Screening mammography was assessed in 9 randomized trials initiated between 1963 and 1990, with breast cancer-specific mortality as the primary endpoint (1). In contrast, breast cancer detection (ie, cancer detection rates, sensitivity, or area under the receiver operating characteristic curve) has been the primary endpoint in most screening trials (Table 1) and observational studies initiated during the past decade (2–7). These trials have evaluated newer breast screening modalities, including digital breast tomosynthesis (DBT), magnetic resonance imaging (MRI), and ultrasound, and the results provided impetus for implementation of these newer modalities into clinical practice. None of these trials have yet provided mortality data, and novel screening strategies have been recommended solely on the basis of their abilities to detect greater numbers of early stage breast cancers, consistent with the long-held belief that cancers are generally curable if detected early (1).

Table 1.

Breast cancer screening trials initiated from 2010 onward^a

Breast cancer screening trials	No. of trials (%)
All	32 (100)
Screening modality
2D digital mammography	24 (75.0)
Digital breast tomosynthesis	19 (59.4)
MRI/AB-MRI	7 (21.9)
Ultrasound	6 (18.8)
Other	11 (34.4)
Primary outcome^b
Cancer detection rate	10 (31.2)
Sensitivity	6 (18.8)
ROC area/accuracy	7 (21.9)
Recall rate/specificity	6 (18.8)
Advanced cancer rate	4 (12.5)
Interval cancer rate	2 (6.2)

Open in a new tab

Based on ClinicalTrials.gov search. Search criteria: breast cancer; screening AND imaging; interventional studies. Trials with less than 100 subjects, evaluating only a single imaging modality, or in cancer patients excluded. 2D = 2-dimensional; AB-MRI = abbreviated breast magnetic resonance imaging; MRI = magnetic resonance imaging; ROC = receiver operating characteristic.

Some trials had 2 primary outcomes.

However, the detection of greater numbers of early stage breast cancers can also lead to overdiagnosis, which refers to the detection of cancers that pose no threat to life and would never have been detected in the absence of screening (8). Indeed, the detection of greater numbers of early stage cancers in the absence of a subsequent decline in rates of metastatic cancers and cancer deaths is the hallmark of overdiagnosis. Adoption of novel screening strategies solely on the basis of improved tumor-detection endpoints (and the absence of mortality data) may therefore exacerbate the problem of overdiagnosis and do more harm than good.

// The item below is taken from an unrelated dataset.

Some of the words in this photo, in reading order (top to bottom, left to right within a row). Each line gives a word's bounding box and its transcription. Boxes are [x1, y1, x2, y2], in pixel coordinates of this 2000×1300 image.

Evidence for Overdiagnosis

Breast cancer overdiagnosis is a major public health concern, and there is indirect as well as direct evidence to suggest that both ductal carcinoma in situ (DCIS) and invasive cancers are overdiagnosed as a consequence of screening (9, 10). DCIS is rarely palpable, almost always screen detected, and generally regarded as a nonobligate precursor of invasive breast cancer (11). Rates of DCIS detection and extirpation surged nearly 6-fold in the United States between 1975 and 2004, with the widespread implementation of mammography screening (12). Substantial declines in the incidence of invasive breast cancer were expected as a result of this surge, and yet, invasive breast cancer incidence gradually increased from about 100.0 to 124.3 cases per 100 000 women during this same time period, providing indirect evidence that most cases of screen-detected DCIS would likely have never progressed to invasive disease (12). Moreover, an autopsy study in Denmark demonstrated that occult DCIS was evident in 15% of a random sampling of women aged 20-44 years with no previous history of cancer who had died of accidents, a prevalence 4 times greater than the number of invasive breast cancers expected to develop over a 20-year period (13). Thus, occult DCIS seems to be highly prevalent in the general population, and most lesions would not be expected to have an adverse effect on mortality.

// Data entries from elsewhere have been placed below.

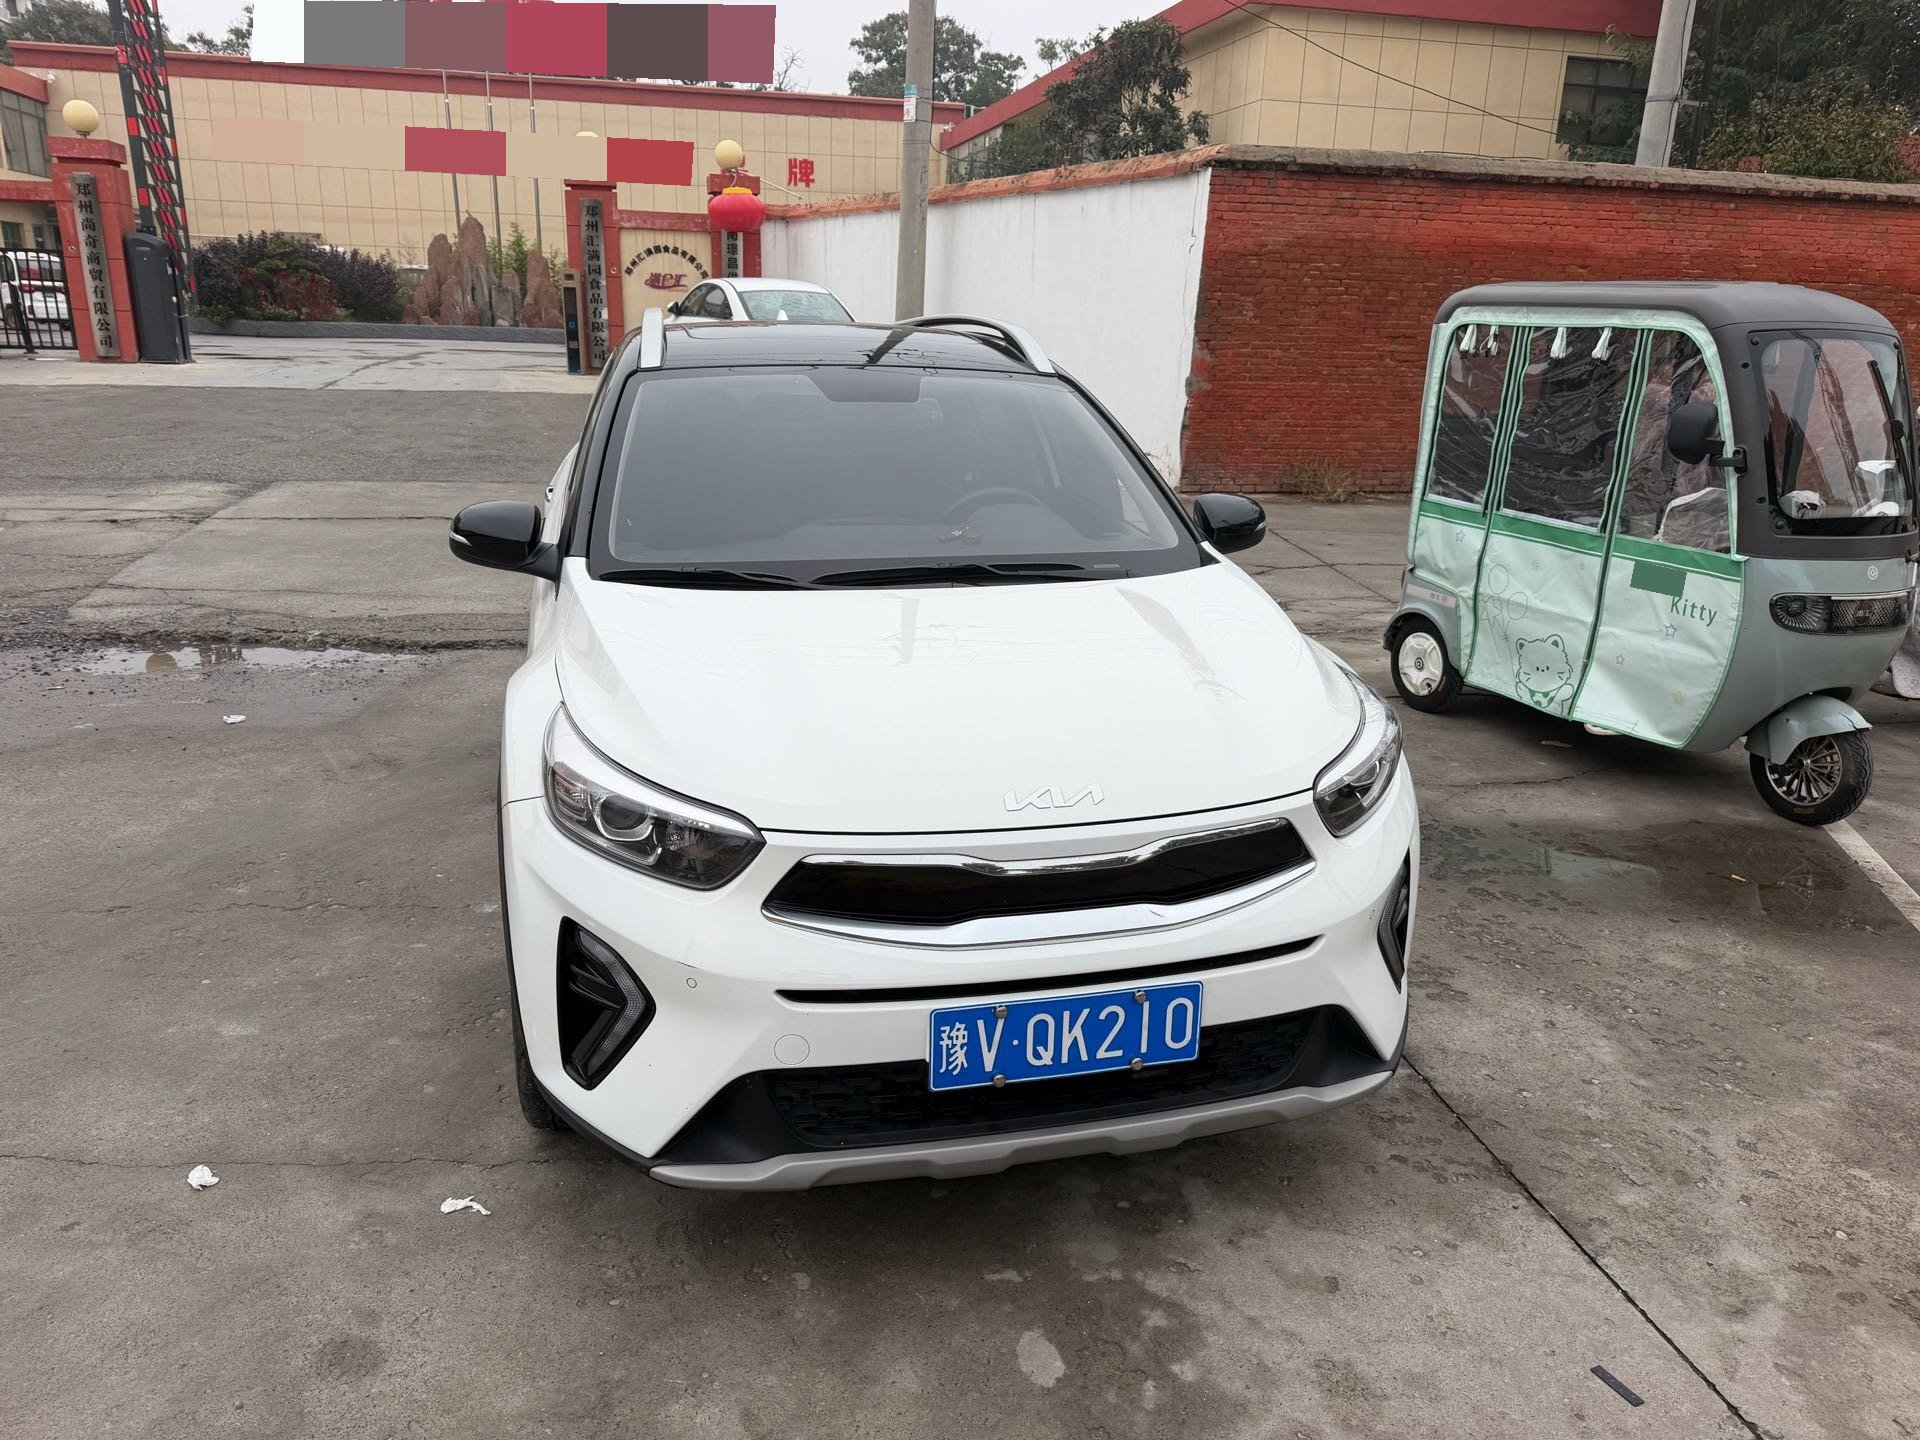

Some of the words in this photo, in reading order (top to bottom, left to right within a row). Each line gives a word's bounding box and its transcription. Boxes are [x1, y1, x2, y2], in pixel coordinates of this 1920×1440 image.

[787, 157, 815, 188] 牌
[624, 244, 709, 280] 郑州汇满园食品有限公司
[584, 203, 607, 362] 郑州汇满园食品有限公司
[1669, 596, 1718, 628] Kitty
[1002, 783, 1105, 812] KIA

Observational studies also provide indirect evidence for the overdiagnosis of invasive breast cancer. These population-based studies show that screening may substantially increase the detection rates of early stage invasive breast cancers, but it has only a marginal effect in reducing the incidence of advanced disease (14, 15). Moreover, even though age-specific incidence rates of invasive breast cancer invariably increase among younger women in the age group that undergoes screening, incidence rates of invasive cancer do not ultimately drop below baseline for the elderly population not being screened, thereby providing further indirect evidence for the overdiagnosis of invasive cancers in the screened population (16).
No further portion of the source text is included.